** WHAT YOU ARE ASKED TO DO **
Each line that contains the word "nouveau" counts once; give the total for the records below and nothing else.

Phrase grounding data:
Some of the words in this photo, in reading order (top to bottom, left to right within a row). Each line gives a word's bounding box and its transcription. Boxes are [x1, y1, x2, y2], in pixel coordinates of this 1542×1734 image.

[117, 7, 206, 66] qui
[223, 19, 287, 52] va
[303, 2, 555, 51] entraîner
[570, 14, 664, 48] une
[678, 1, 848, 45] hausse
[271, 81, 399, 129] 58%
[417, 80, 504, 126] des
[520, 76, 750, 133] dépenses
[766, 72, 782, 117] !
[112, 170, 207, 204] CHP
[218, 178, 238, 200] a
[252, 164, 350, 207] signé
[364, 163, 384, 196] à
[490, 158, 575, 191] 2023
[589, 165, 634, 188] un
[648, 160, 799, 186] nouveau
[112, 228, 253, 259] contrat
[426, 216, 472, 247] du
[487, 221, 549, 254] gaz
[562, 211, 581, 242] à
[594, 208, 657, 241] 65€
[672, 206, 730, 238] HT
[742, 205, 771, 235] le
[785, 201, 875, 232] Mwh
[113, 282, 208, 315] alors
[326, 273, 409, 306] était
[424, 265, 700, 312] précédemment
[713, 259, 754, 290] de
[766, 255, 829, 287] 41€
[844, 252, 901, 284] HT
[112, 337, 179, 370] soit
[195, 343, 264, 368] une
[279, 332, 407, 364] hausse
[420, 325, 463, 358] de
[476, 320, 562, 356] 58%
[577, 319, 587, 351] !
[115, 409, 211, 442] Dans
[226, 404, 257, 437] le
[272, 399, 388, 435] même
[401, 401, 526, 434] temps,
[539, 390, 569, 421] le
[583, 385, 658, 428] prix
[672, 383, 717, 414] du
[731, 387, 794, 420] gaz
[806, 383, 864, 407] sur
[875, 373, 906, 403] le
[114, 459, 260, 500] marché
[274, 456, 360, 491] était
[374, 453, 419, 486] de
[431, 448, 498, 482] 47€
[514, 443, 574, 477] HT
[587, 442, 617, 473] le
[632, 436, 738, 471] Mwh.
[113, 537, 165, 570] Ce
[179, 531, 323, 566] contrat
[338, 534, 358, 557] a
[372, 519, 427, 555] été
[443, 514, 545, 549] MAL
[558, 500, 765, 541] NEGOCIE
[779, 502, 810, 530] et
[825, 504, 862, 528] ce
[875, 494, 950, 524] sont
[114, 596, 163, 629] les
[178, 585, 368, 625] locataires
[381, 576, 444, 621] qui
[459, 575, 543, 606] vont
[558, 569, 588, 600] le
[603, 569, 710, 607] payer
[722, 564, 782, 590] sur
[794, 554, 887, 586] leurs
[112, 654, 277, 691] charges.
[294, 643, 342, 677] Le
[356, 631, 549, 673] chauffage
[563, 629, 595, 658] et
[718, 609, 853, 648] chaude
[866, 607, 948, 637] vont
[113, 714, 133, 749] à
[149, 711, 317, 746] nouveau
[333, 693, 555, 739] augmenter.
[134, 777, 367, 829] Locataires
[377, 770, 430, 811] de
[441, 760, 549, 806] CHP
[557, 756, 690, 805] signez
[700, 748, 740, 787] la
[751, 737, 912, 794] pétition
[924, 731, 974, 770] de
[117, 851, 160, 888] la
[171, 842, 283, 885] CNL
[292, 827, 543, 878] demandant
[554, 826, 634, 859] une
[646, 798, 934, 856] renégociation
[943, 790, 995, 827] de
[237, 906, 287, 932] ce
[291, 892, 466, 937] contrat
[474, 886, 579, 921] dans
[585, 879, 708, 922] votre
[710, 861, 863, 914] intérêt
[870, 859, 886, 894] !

** ANSWER AREA **
2